In addition to looking at the Reds, I also took a look at those MLB players ranked as the most extreme under- and over-achievers over the past three years using these three approaches. This analysis identified another problem: both of the two BABIP estimates tended to identify poor hitters as "under-achievers" and good hitters as "over-achievers" (even when plate appearance requirements were stepped up in excess of 250). They did this to a far greater degree than PrOPS did--in other words, a bit part of what it's doing is just regressing players to toward the mean. This, along with the Reds results above, indicate to me that doing BABIP-adjustments provides, at best, only a very rough estimate for how well a player is hitting.

Should we consider using it?

Nevertheless, despite my disappointment in the overall performance of this little stat, I still think it can be worthwhile if used cautiously. When BABIP's deviate in dramatic fashion from typical values (<0.250,>0.350), using the avg-aOPS approach will still identify lucky and/or unlucky performances and get an idea of what they would look like under more "typical" luck. The thing to remember is that a positive difference probably does mean that good or bad luck has played into a player's actual OPS value. In contrast, a lack of deviation from expected values doesn't necessarily mean that a players' statistics were in line with his "true" performance, it just means that the player's BABIP looks about right for his performance.
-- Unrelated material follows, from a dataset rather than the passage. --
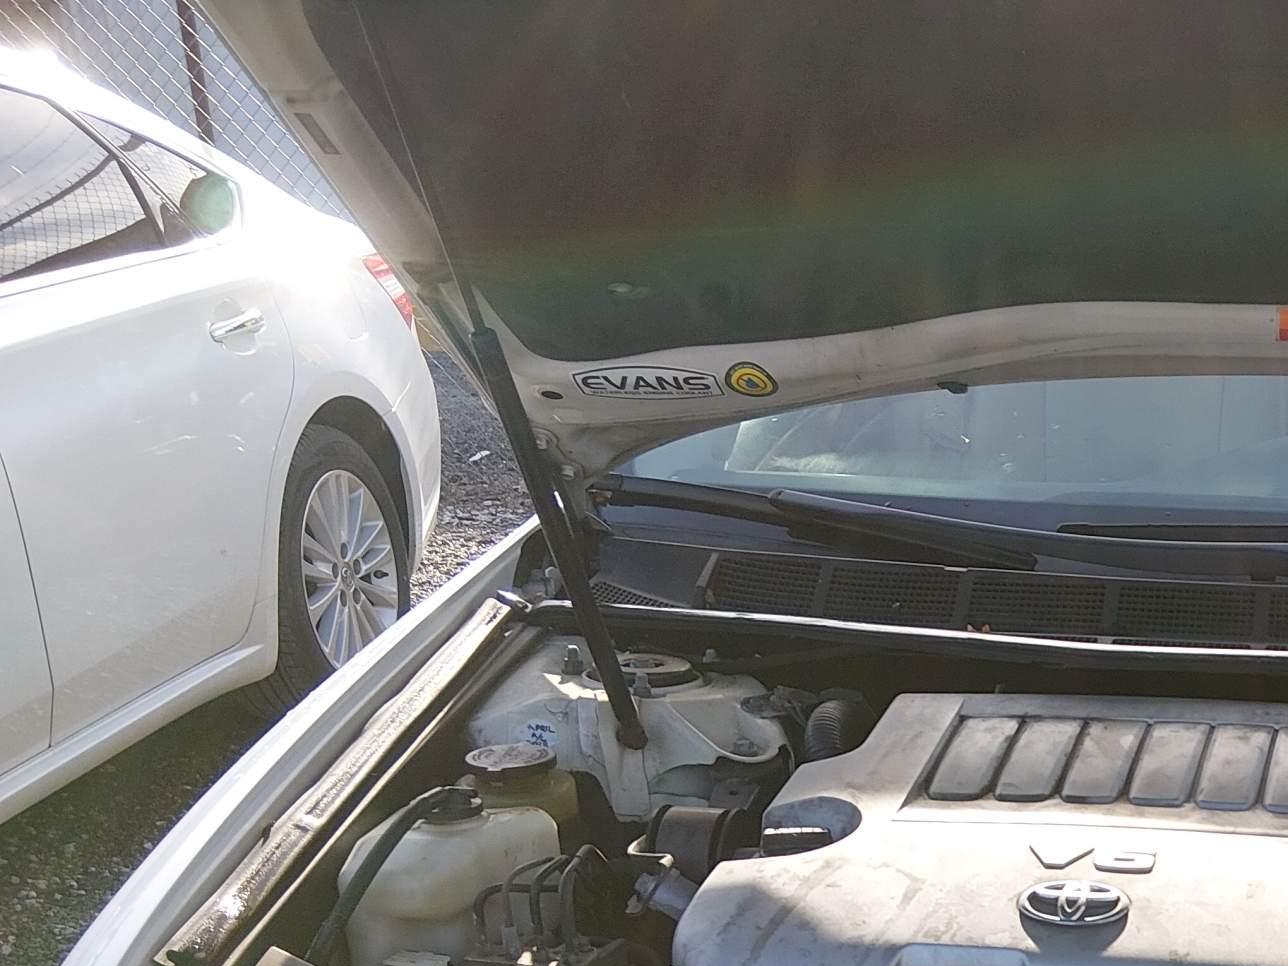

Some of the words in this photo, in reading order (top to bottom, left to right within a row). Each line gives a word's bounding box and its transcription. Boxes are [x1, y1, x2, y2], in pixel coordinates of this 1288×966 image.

Therefore, I will go ahead and use the avg-aOPS (I'll just call it "aOPS" from now on) approach from time to time this season when PrOPS or raw batted-ball data are unavailable. I expect that it will be particularly valuable when looking at monthly splits, as small sample sizes do tend to result in highly variable BABIP's, and some of the huge swings we see in player performance may be able to be explained by simple, random variation in BABIP as opposed to actual variation in true player performance.


  1. Hello JinAZ:

    Your explanation is interesting, but remember that, there are nine defenses and they make plays incredible and they do not allow hits.

    I from Nicaragua. Put something about Mr. Pete Rose, an exciting player.


    R. Mendoza

  2. Hi there,

    Always great to hear from someone from outside the States! :)

    I didn't pay much lip service to fielders because I tend to think of fielders as having a random effect on a hitters' babip. They should face a huge assortment of fielders over the course of the year, and therefore variation in opposition fielding is likely to be a random thing--though it is true that if a players' division is particularly bad, all the hitters of that division would likely have an advantage in BABIP.

    Obviously this is different in the case of pitchers, who always play with the "same" defense. :)

    As far as Pete Rose goes, I'm not likely to do much on him, unfortunately. I only got to see him play for a few years at the end of his career, and so my knowledge of him is pretty weak. is a better source for historical Reds information, though I'm not seeing a lot of stuff about Rose in the archives. -j

  3. Another great piece. Love the chart btw ... you plot them in R? Or some other application?

  4. Thanks. I'm not completely happy with how things came out, but it seems decent enough.

    I also realized last night after I posted it that I really should check on year-to-year correlation. My guess is that aOPS will still be more consistent than straight OPS. We'll see.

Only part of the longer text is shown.